Are Bitcoin and Co. any good as a substitute for “real” money?

Since the beginning of the sanctions against Russia due to the Ukraine crisis, the term “cryptocurrency” has repeatedly appeared in the media. We therefore explain what cryptocurrencies are and how the trading system works.
Cryptocurrencies are digital assets that only exist virtually. They are digitally generated through computing power.
Cryptocurrencies are based on a decentralised system. So there are no central banks or other entities that control trading. Instead, the community oversees the digital financial transactions.

The blockchain

The blockchain is a technical solution for storing data in a decentralised infrastructure in a tamper-proof and transparent way. Data is combined in blocks and strung together in an unchangeable chain. The individual chain blocks are provided with a hash value (a kind of check number) that also contains the hash values of the previous transaction. This hashing process and the decentralised distribution of the blockchain ensure that it is tamper-proof.
Cryptocurrencies can be traded or exchanged like official currencies. However, they are not recognised as an official form of money by most states. As a result, they are not subject to the control of governments or financial institutions.

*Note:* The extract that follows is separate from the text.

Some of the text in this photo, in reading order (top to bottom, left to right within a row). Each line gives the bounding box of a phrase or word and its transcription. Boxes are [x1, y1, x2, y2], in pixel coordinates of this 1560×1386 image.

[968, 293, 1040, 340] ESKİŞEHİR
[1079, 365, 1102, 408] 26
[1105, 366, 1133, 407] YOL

How is digital money created?

Cryptocurrencies are mined (crypto mining). In theory, anyone with a computer and an internet connection can do this. First you open a deposit, a so-called eWallet, in which you can store the mined currencies. A special programme takes over the generation of the currency by solving complicated calculation tasks for the blockchain. The first person to do this has, for example, created Bitcoins. However, as the calculations become more and more complicated, more and more computing power is needed to be among the fastest. Due to the hardware required for this and the high electricity consumption, private prospecting in Germany is no longer profitable (because of the electricity costs).

Bitcoin & Co

The best-known and most frequently traded cryptocurrency is Bitcoin, but Ethereum is also well-known. In total, there are over 16,000 cryptocurrencies.
While bitcoins have been legal tender in El Salvador since September 2021, in Germany you can only pay with them to a limited extent, e.g. at a large delivery service. This is due to the high exchange rate fluctuations, but also has tax reasons: Payments with cryptocurrency are considered barter transactions from which one can make a profit. The profit is taxable. So every transaction would have to be documented for the tax office.
The e-Yuan recently made headlines. There was speculation whether Russia would try to switch to the Chinese digital currency after the Swift exclusion in order to circumvent sanctions. The e-Yuan is not a cryptocurrency in the classical sense. It is issued as a digital means of payment by the Chinese government and all information about transactions made with it is stored by the Chinese central bank. This also makes it possible to exclude trading parties.